Since the Lehman Brothers collapse, the world’s largest luxury travel retailer, DFS Group, has decided to expand its financial institution portfolio to include what it considers creditworthy Asian and Chinese banks. The Hong Kong-based company has also altered its foreign exchange strategy to deal with amplified market volatility.
The recent increase in exposure to counterparty risk has made corporates weary about the type of banks they choose. This is especially true for DFS Group, who during pre-Lehman times relied only on one.
“Because of the counterparty risk post-2008 crisis which affected US banks and now European banks, we have now become more diversified,” said Kenneth Ng, director and corporate treasurer of DFS Group in an exclusive interview with Asiamoney PLUS on December 5.
In the past, one global bank handled 90-95% of the company’s banking requirements. However, the company, whose major shareholder is France-based LVMH, added two additional bankers since 2009.
“This is in response to the changing business environment,” declared Ng. “In the past, we wouldn’t have thought that a western bank can go bankrupt, but now it’s unpredictable…anything can happen.”
DFS, whose company strategy is fairly conservative, uses a Singapore-based shared service centre (SSC) to manage its accounting and information technology (IT) operations. This centralised entity is responsible for the execution and the handling of specific operational tasks.
In the case of DFS, the SSC helps pool the company’s foreign currencies from their outlets located around the globe.
The company, who used to auto-convert its foreign currencies into US dollars, has recently set up a multi-currency account at its centralised entity, which enables them to actively monitor exchange rates.
This has also helped them save on transactions costs as it has payments and receipts in similar currencies, therefore reducing the need to convert to or from a particular currency.
“It is not attractive to auto-convert due to a weakened US dollar,” said Ng. “We are now more active in managing our foreign exchange position to minimise foreign exchange rate impact.”
DFS, whose business is booming due to an influx of mainland tourists arriving into Hong Kong and Macau, plans to expand into Middle East and Europe.
“We are looking to expand to Europe because nowadays a lot of Chinese tourists travel there,” said Ng. “Our company’s strategy is: we follow our customers.”
The cash-rich company noted that its worldwide business has been growing rapidly with an estimated 60% growth rate in Macau, 40% in Hong Kong and 20% in the US, and is expected to continue for the foreseeable future due to strong demand from its Chinese customers.

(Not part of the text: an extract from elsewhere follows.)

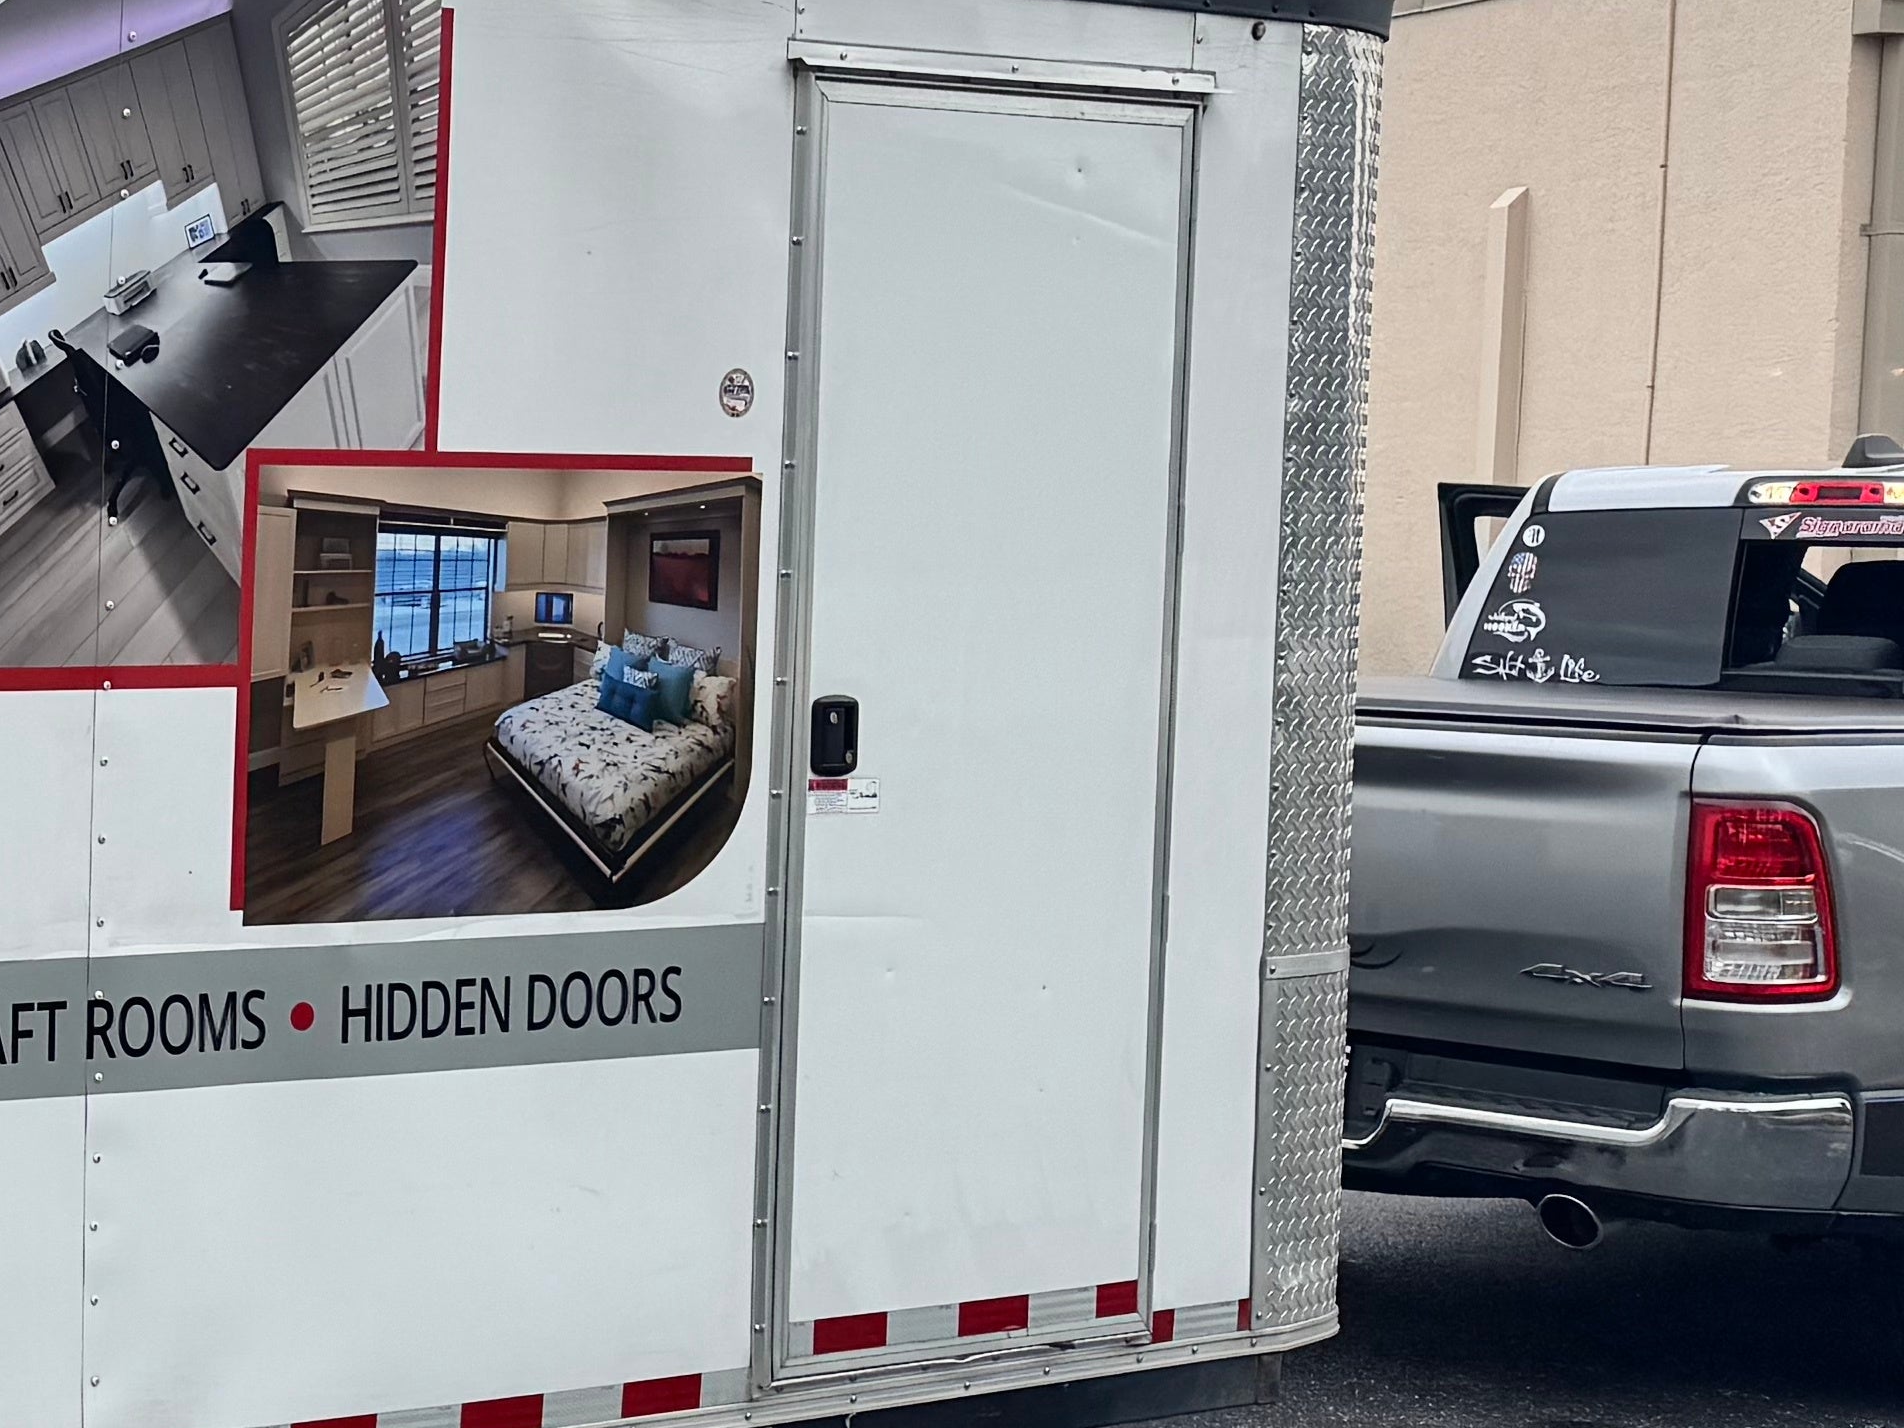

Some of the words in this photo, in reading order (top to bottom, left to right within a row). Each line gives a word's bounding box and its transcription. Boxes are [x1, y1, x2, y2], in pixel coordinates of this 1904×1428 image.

On the other hand, DFS’ luxury retail business, which is dependent on business travellers, in Japan, Australia and New Zealand has been impacted by natural disasters and strong local currencies.
“Overall it has been a record-breaking year,” exclaimed Ng. “But our performance [in Japan, Australia and New Zealand has] suffered a little bit because of the strong exchange rates, flooding in Australia and earthquake in New Zealand.”
Ng, who is not too concerned about the poor business performance in these countries, believes that the strength of spending power of tourists from these nations will be reflected in other countries like the US.
“Our shop in the US has benefitted from the strong yen rate and therefore, has attracted Japanese travellers to our outlets over there,” said Ng.
Famous for its airport stores, DFS runs over 40 stores in 14 countries and offers a range of luxury brands of cosmetics and perfume, jewellery, liquor, tobacco, apparel and other high-end goods.
In Hong Kong, DFS is planning to open its new outlet in Causeway Bay by summer 2012.